Metro website security breach made personal data accessible to public

Photo: Flickr/quasireversible

Metro officials say that they're working diligently to fix a security breach on their website that potentially allowed a person to access the personal information of anyone who has applied for a job with WMATA.

That data could be accessed by anyone who had the email address of a Metro applicant and was willing to do a little bit of clicking through's Careers section.

The issue, which was brought to light by a caller to the ABC 7 newsroom, allowed people to quickly access the full profiles of job applicants, including resumes, addresses, phone numbers, references and several other pieces of data.

7 On Your Side verified the claims by entering the email address of a Metro applicant into the "Refer A Friend" feature on the site. We were then able to access profiles of at least three people, including the viewer who contacted us and a current Metro employee.
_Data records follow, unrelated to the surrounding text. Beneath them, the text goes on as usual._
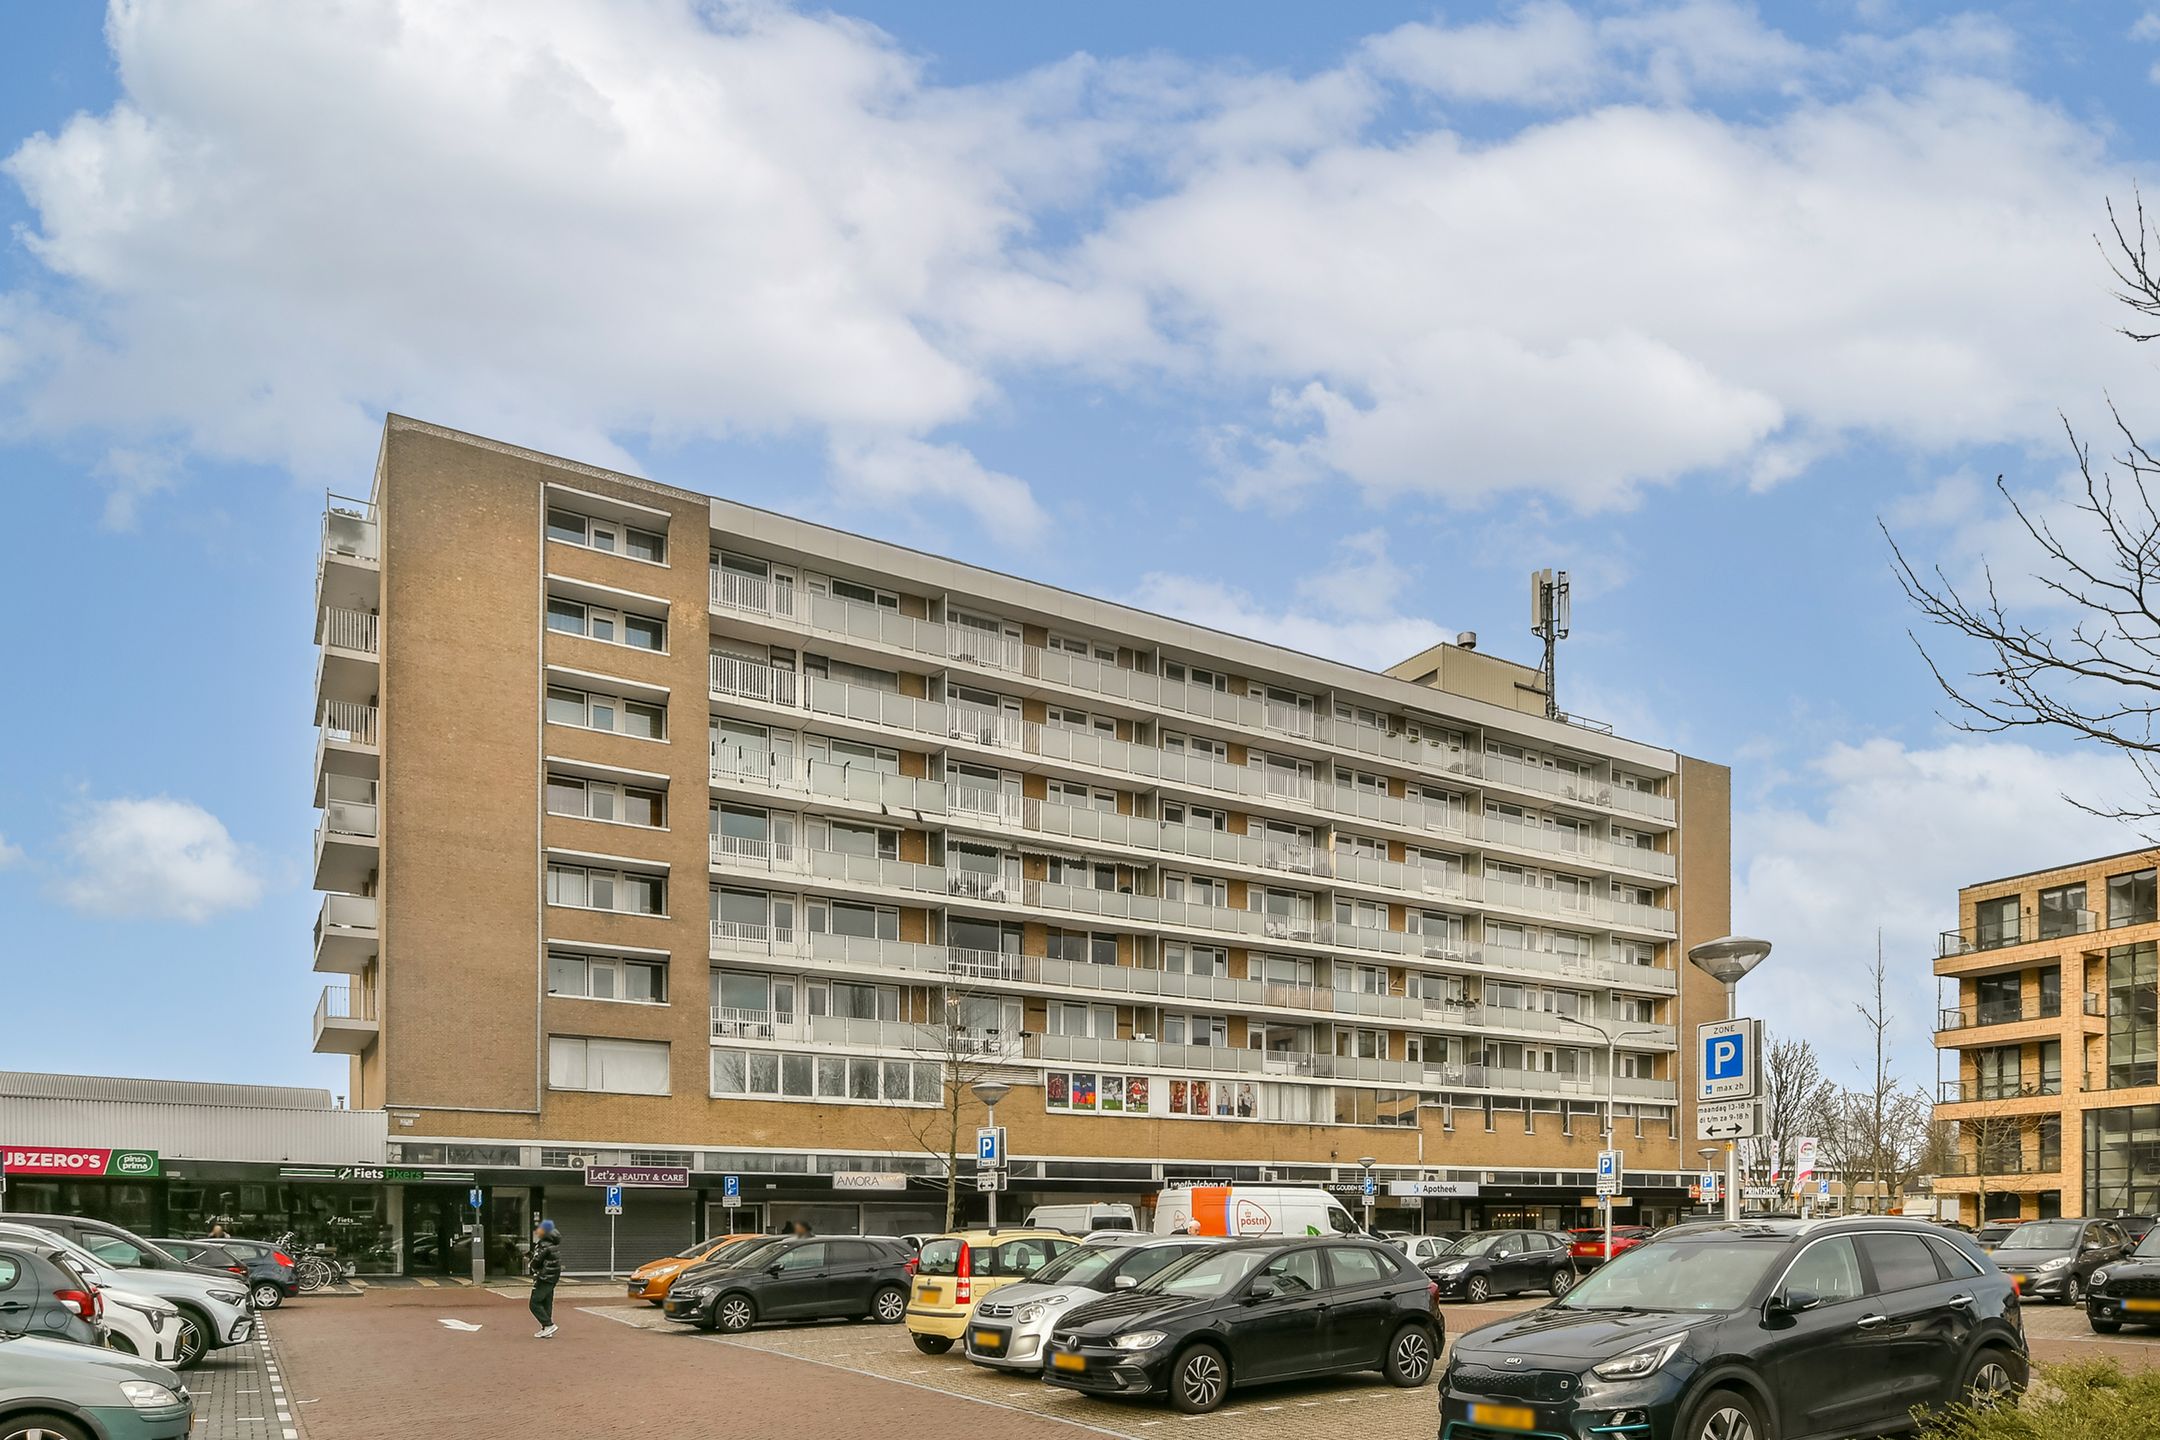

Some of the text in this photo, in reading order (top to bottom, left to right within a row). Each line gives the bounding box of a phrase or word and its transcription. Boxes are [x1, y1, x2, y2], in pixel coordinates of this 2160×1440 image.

[1713, 1024, 1736, 1034] ZONE
[1715, 1041, 1736, 1075] P
[1716, 1084, 1733, 1092] max
[1698, 1105, 1727, 1113] maandag
[1728, 1102, 1745, 1110] 13-18
[982, 1138, 992, 1157] P
[124, 1155, 147, 1163] pinsa
[123, 1162, 148, 1170] prima
[1602, 1158, 1610, 1173] P
[353, 1167, 421, 1180] Fiets Fixers
[590, 1169, 615, 1180] Let'z
[652, 1173, 660, 1181] &
[727, 1179, 735, 1188] P
[836, 1175, 880, 1186] AMORA
[1704, 1177, 1711, 1187] P
[610, 1187, 618, 1198] P
[1422, 1184, 1458, 1195] Apotheek
[1744, 1186, 1781, 1195] PRINTSHOP
[1240, 1216, 1267, 1227] postnl
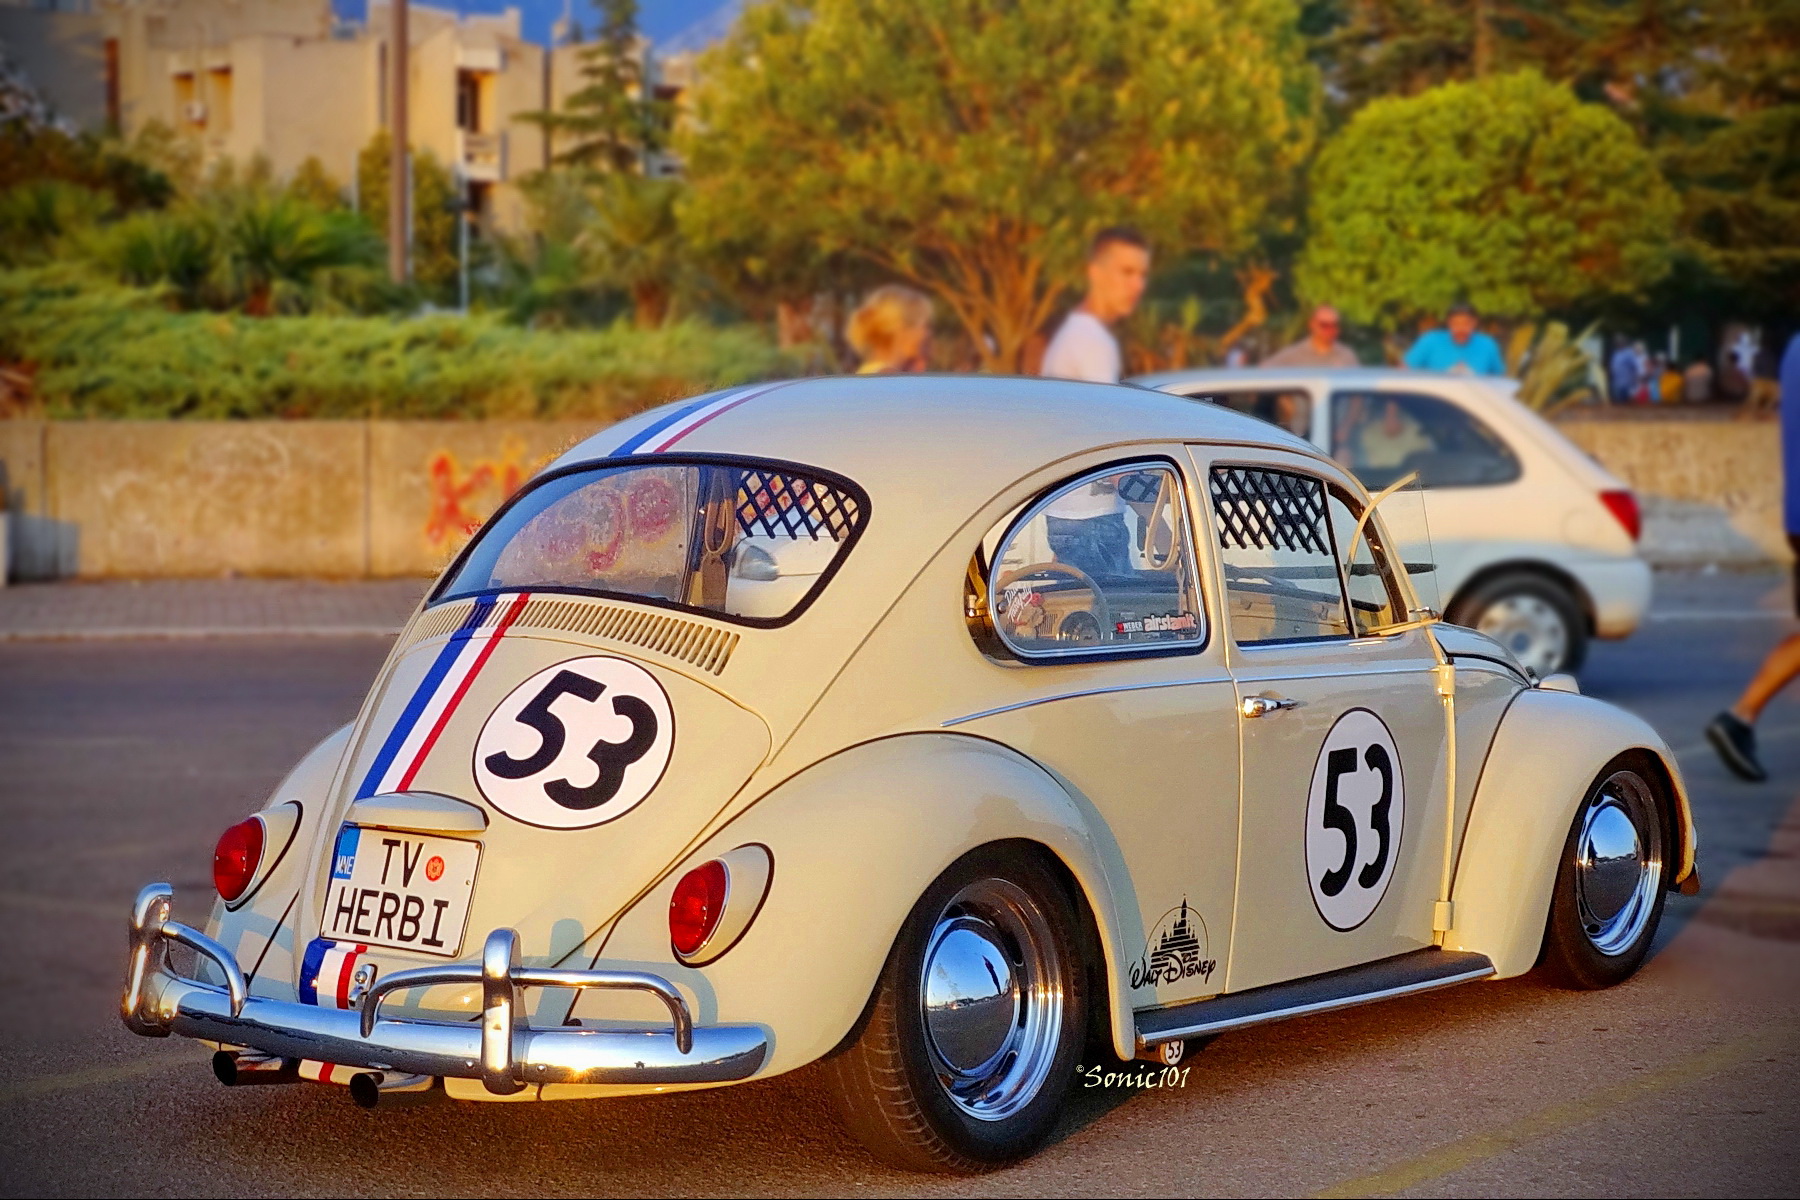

"This is a pretty critical issue," Jack Mannino, who runs a Gainesville-based cybersecurity company, said. "Someone could take this in 20 or 30 minutes and pull all the information out of the system for everybody that potentially put anything in there."

ABC 7 immediately notified WMATA officials of the problem, and in a statement, they said that they immediately removed the Refer A Friend feature from the website, which had been there for about two months. They added that the error did not allow for the release of sensitive personal information.

The viewer who tipped us off to the glitch said that he tried on numerous occasions to alert Metro about the problem, but got no response.

Metro has not answered repeated questions about the number of applicant profiles stored on their website. WMATA spokeswoman Caroline Lukas said in an email the maximum number of actual Metro employees who could have personally been affected is 13.

Here's the full Metro statement:

Upon being notified of the condition, we immediately removed the "refer a friend" feature from our website and will work with the software vendor to make appropriate fixes before redeploying it. It is important to note that this error required knowledge of an applicant’s email address, and did not allow for the release of sensitive personal information, such as employment records or social security numbers. The "refer a friend" feature had only been on our website for about two months. The FY12 approved budget authorized 11,319 positions.